:: Aim of the task ::
Give every entry again, exactly as it stands.
<<<<
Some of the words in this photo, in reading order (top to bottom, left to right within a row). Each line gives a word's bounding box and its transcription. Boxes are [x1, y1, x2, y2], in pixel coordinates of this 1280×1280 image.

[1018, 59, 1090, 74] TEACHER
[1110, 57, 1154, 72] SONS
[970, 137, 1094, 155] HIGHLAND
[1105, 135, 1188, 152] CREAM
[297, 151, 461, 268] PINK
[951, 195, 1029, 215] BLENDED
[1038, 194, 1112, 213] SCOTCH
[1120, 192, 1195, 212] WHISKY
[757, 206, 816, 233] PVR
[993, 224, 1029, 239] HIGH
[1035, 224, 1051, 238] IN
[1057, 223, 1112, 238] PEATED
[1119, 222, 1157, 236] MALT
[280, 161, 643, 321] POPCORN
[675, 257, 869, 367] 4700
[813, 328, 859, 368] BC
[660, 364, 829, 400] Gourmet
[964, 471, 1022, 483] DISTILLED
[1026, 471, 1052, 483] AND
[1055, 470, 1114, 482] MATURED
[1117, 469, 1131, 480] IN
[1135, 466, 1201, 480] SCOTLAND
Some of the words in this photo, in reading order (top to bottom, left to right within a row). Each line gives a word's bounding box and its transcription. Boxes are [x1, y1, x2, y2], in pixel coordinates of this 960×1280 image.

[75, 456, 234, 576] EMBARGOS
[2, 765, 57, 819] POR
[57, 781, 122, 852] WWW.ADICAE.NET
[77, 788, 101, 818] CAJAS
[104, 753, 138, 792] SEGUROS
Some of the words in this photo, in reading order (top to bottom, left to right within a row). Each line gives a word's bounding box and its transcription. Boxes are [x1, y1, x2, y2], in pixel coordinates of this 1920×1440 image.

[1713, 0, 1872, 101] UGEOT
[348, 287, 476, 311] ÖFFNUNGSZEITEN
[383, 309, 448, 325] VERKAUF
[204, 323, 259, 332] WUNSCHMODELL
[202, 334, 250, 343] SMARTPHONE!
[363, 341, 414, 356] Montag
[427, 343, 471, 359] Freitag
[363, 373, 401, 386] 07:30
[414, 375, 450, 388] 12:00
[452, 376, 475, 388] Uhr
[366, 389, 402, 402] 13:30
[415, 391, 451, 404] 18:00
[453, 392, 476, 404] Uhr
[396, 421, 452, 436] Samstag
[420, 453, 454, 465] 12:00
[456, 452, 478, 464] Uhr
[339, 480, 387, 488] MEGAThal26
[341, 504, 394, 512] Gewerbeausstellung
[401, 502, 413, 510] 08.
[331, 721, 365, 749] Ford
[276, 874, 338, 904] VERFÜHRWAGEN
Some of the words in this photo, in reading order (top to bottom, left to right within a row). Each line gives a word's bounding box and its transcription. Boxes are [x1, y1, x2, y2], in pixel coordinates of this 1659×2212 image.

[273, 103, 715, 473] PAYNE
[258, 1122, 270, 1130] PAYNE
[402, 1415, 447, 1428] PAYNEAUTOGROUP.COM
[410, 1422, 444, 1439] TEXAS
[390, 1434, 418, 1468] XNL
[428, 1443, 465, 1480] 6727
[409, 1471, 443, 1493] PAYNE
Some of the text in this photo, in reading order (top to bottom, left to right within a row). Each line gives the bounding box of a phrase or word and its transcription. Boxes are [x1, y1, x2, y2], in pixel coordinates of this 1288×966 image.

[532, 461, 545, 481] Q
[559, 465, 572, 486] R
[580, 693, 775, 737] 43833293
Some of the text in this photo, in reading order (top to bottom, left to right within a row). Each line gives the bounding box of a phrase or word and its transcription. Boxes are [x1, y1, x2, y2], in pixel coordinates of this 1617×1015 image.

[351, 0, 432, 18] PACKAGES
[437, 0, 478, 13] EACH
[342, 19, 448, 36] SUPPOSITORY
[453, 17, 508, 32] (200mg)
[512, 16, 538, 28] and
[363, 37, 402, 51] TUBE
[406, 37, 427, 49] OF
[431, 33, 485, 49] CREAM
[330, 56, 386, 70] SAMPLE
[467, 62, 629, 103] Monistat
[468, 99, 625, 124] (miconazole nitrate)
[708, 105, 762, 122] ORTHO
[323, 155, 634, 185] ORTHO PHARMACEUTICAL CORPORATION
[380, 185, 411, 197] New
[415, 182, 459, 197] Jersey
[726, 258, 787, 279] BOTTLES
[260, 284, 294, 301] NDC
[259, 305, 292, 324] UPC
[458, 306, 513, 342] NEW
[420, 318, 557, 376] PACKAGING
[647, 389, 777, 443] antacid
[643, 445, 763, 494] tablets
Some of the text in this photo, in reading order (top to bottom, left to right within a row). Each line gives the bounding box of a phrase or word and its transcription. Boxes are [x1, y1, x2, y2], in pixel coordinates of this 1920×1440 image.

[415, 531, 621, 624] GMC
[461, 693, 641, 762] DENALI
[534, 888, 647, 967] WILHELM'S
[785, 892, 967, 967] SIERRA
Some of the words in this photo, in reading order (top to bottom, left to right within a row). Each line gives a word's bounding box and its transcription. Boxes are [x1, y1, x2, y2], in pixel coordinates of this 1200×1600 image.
>>>>
:: Answer box ::
Some of the words in this photo, in reading order (top to bottom, left to right within a row). Each line gives a word's bounding box and its transcription. Boxes are [x1, y1, x2, y2], in pixel coordinates of this 1280×1280 image.

[1018, 59, 1090, 74] TEACHER
[1110, 57, 1154, 72] SONS
[970, 137, 1094, 155] HIGHLAND
[1105, 135, 1188, 152] CREAM
[297, 151, 461, 268] PINK
[951, 195, 1029, 215] BLENDED
[1038, 194, 1112, 213] SCOTCH
[1120, 192, 1195, 212] WHISKY
[757, 206, 816, 233] PVR
[993, 224, 1029, 239] HIGH
[1035, 224, 1051, 238] IN
[1057, 223, 1112, 238] PEATED
[1119, 222, 1157, 236] MALT
[280, 161, 643, 321] POPCORN
[675, 257, 869, 367] 4700
[813, 328, 859, 368] BC
[660, 364, 829, 400] Gourmet
[964, 471, 1022, 483] DISTILLED
[1026, 471, 1052, 483] AND
[1055, 470, 1114, 482] MATURED
[1117, 469, 1131, 480] IN
[1135, 466, 1201, 480] SCOTLAND
Some of the words in this photo, in reading order (top to bottom, left to right within a row). Each line gives a word's bounding box and its transcription. Boxes are [x1, y1, x2, y2], in pixel coordinates of this 960×1280 image.

[75, 456, 234, 576] EMBARGOS
[2, 765, 57, 819] POR
[57, 781, 122, 852] WWW.ADICAE.NET
[77, 788, 101, 818] CAJAS
[104, 753, 138, 792] SEGUROS
Some of the words in this photo, in reading order (top to bottom, left to right within a row). Each line gives a word's bounding box and its transcription. Boxes are [x1, y1, x2, y2], in pixel coordinates of this 1920×1440 image.

[1713, 0, 1872, 101] UGEOT
[348, 287, 476, 311] ÖFFNUNGSZEITEN
[383, 309, 448, 325] VERKAUF
[204, 323, 259, 332] WUNSCHMODELL
[202, 334, 250, 343] SMARTPHONE!
[363, 341, 414, 356] Montag
[427, 343, 471, 359] Freitag
[363, 373, 401, 386] 07:30
[414, 375, 450, 388] 12:00
[452, 376, 475, 388] Uhr
[366, 389, 402, 402] 13:30
[415, 391, 451, 404] 18:00
[453, 392, 476, 404] Uhr
[396, 421, 452, 436] Samstag
[420, 453, 454, 465] 12:00
[456, 452, 478, 464] Uhr
[339, 480, 387, 488] MEGAThal26
[341, 504, 394, 512] Gewerbeausstellung
[401, 502, 413, 510] 08.
[331, 721, 365, 749] Ford
[276, 874, 338, 904] VERFÜHRWAGEN
Some of the words in this photo, in reading order (top to bottom, left to right within a row). Each line gives a word's bounding box and its transcription. Boxes are [x1, y1, x2, y2], in pixel coordinates of this 1659×2212 image.

[273, 103, 715, 473] PAYNE
[258, 1122, 270, 1130] PAYNE
[402, 1415, 447, 1428] PAYNEAUTOGROUP.COM
[410, 1422, 444, 1439] TEXAS
[390, 1434, 418, 1468] XNL
[428, 1443, 465, 1480] 6727
[409, 1471, 443, 1493] PAYNE
Some of the text in this photo, in reading order (top to bottom, left to right within a row). Each line gives the bounding box of a phrase or word and its transcription. Boxes are [x1, y1, x2, y2], in pixel coordinates of this 1288×966 image.

[532, 461, 545, 481] Q
[559, 465, 572, 486] R
[580, 693, 775, 737] 43833293
Some of the text in this photo, in reading order (top to bottom, left to right within a row). Each line gives the bounding box of a phrase or word and its transcription. Boxes are [x1, y1, x2, y2], in pixel coordinates of this 1617×1015 image.

[351, 0, 432, 18] PACKAGES
[437, 0, 478, 13] EACH
[342, 19, 448, 36] SUPPOSITORY
[453, 17, 508, 32] (200mg)
[512, 16, 538, 28] and
[363, 37, 402, 51] TUBE
[406, 37, 427, 49] OF
[431, 33, 485, 49] CREAM
[330, 56, 386, 70] SAMPLE
[467, 62, 629, 103] Monistat
[468, 99, 625, 124] (miconazole nitrate)
[708, 105, 762, 122] ORTHO
[323, 155, 634, 185] ORTHO PHARMACEUTICAL CORPORATION
[380, 185, 411, 197] New
[415, 182, 459, 197] Jersey
[726, 258, 787, 279] BOTTLES
[260, 284, 294, 301] NDC
[259, 305, 292, 324] UPC
[458, 306, 513, 342] NEW
[420, 318, 557, 376] PACKAGING
[647, 389, 777, 443] antacid
[643, 445, 763, 494] tablets
Some of the text in this photo, in reading order (top to bottom, left to right within a row). Each line gives the bounding box of a phrase or word and its transcription. Boxes are [x1, y1, x2, y2], in pixel coordinates of this 1920×1440 image.

[415, 531, 621, 624] GMC
[461, 693, 641, 762] DENALI
[534, 888, 647, 967] WILHELM'S
[785, 892, 967, 967] SIERRA
Some of the words in this photo, in reading order (top to bottom, left to right within a row). Each line gives a word's bounding box and its transcription. Boxes are [x1, y1, x2, y2], in pixel coordinates of this 1200×1600 image.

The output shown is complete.